■ Brief:
For this exercise, repeat the records below exactly and omit every picture.

■ Records for the exercise:
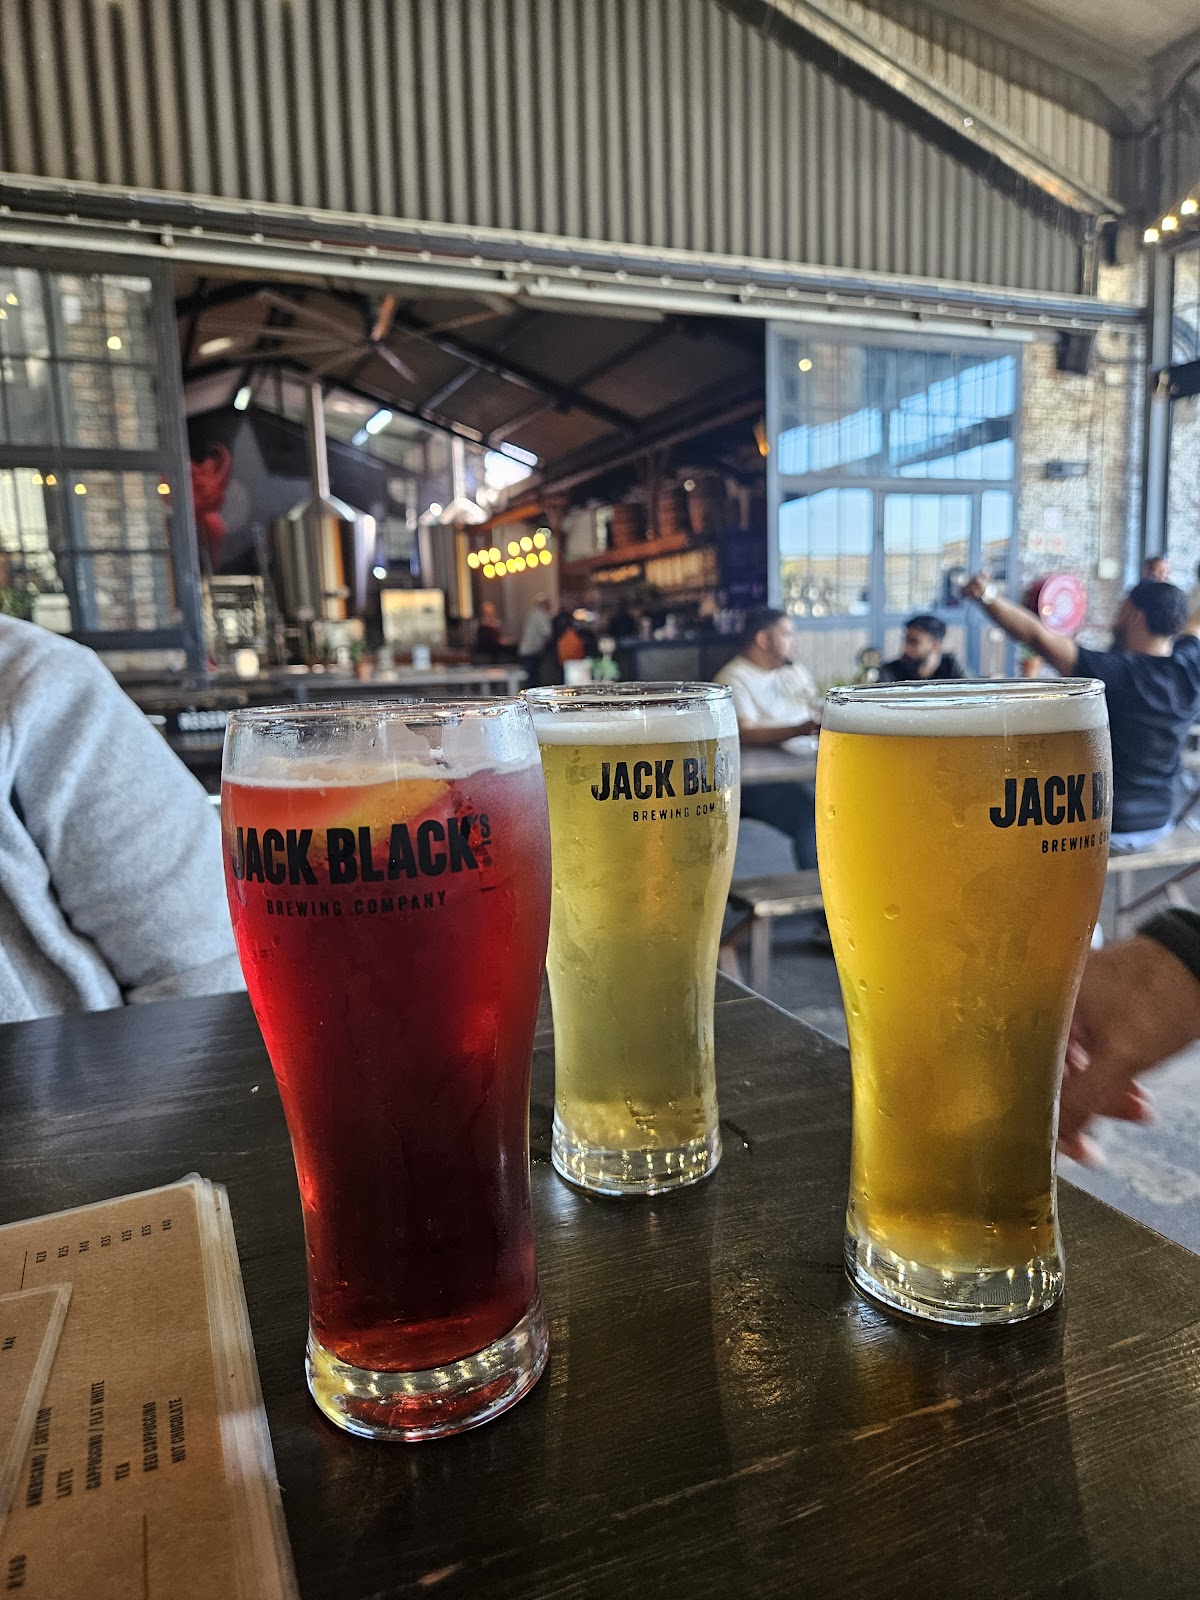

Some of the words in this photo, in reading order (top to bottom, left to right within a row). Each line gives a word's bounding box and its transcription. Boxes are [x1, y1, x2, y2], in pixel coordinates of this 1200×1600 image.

[591, 760, 676, 801] JACK
[633, 806, 690, 822] BREWING
[696, 803, 716, 816] COM
[990, 774, 1087, 828] JACK
[1092, 771, 1107, 820] B
[232, 826, 319, 886] JACK
[1041, 833, 1095, 854] BREWING
[266, 898, 343, 917] BREWING
[353, 889, 447, 915] COMPANY
[162, 1219, 172, 1231] R40
[58, 1245, 69, 1258] R25
[79, 1240, 90, 1253] R40
[91, 1380, 105, 1406] WHITE
[34, 1407, 52, 1446] CORTADO
[89, 1406, 104, 1427] FLAT
[142, 1401, 158, 1453] CAPPUCCINO
[169, 1397, 185, 1445] CHOCOLATE
[85, 1433, 104, 1491] CAPPUCCINO
[143, 1452, 159, 1473] RED
[171, 1445, 187, 1464] HOT
[26, 1453, 48, 1508] AMERICANO
[56, 1467, 74, 1499] LATTE
[114, 1461, 131, 1482] TEA

■ Exercise output:
Some of the words in this photo, in reading order (top to bottom, left to right within a row). Each line gives a word's bounding box and its transcription. Boxes are [x1, y1, x2, y2], in pixel coordinates of this 1200×1600 image.

[591, 760, 676, 801] JACK
[633, 806, 690, 822] BREWING
[696, 803, 716, 816] COM
[990, 774, 1087, 828] JACK
[1092, 771, 1107, 820] B
[232, 826, 319, 886] JACK
[1041, 833, 1095, 854] BREWING
[266, 898, 343, 917] BREWING
[353, 889, 447, 915] COMPANY
[162, 1219, 172, 1231] R40
[58, 1245, 69, 1258] R25
[79, 1240, 90, 1253] R40
[91, 1380, 105, 1406] WHITE
[34, 1407, 52, 1446] CORTADO
[89, 1406, 104, 1427] FLAT
[142, 1401, 158, 1453] CAPPUCCINO
[169, 1397, 185, 1445] CHOCOLATE
[85, 1433, 104, 1491] CAPPUCCINO
[143, 1452, 159, 1473] RED
[171, 1445, 187, 1464] HOT
[26, 1453, 48, 1508] AMERICANO
[56, 1467, 74, 1499] LATTE
[114, 1461, 131, 1482] TEA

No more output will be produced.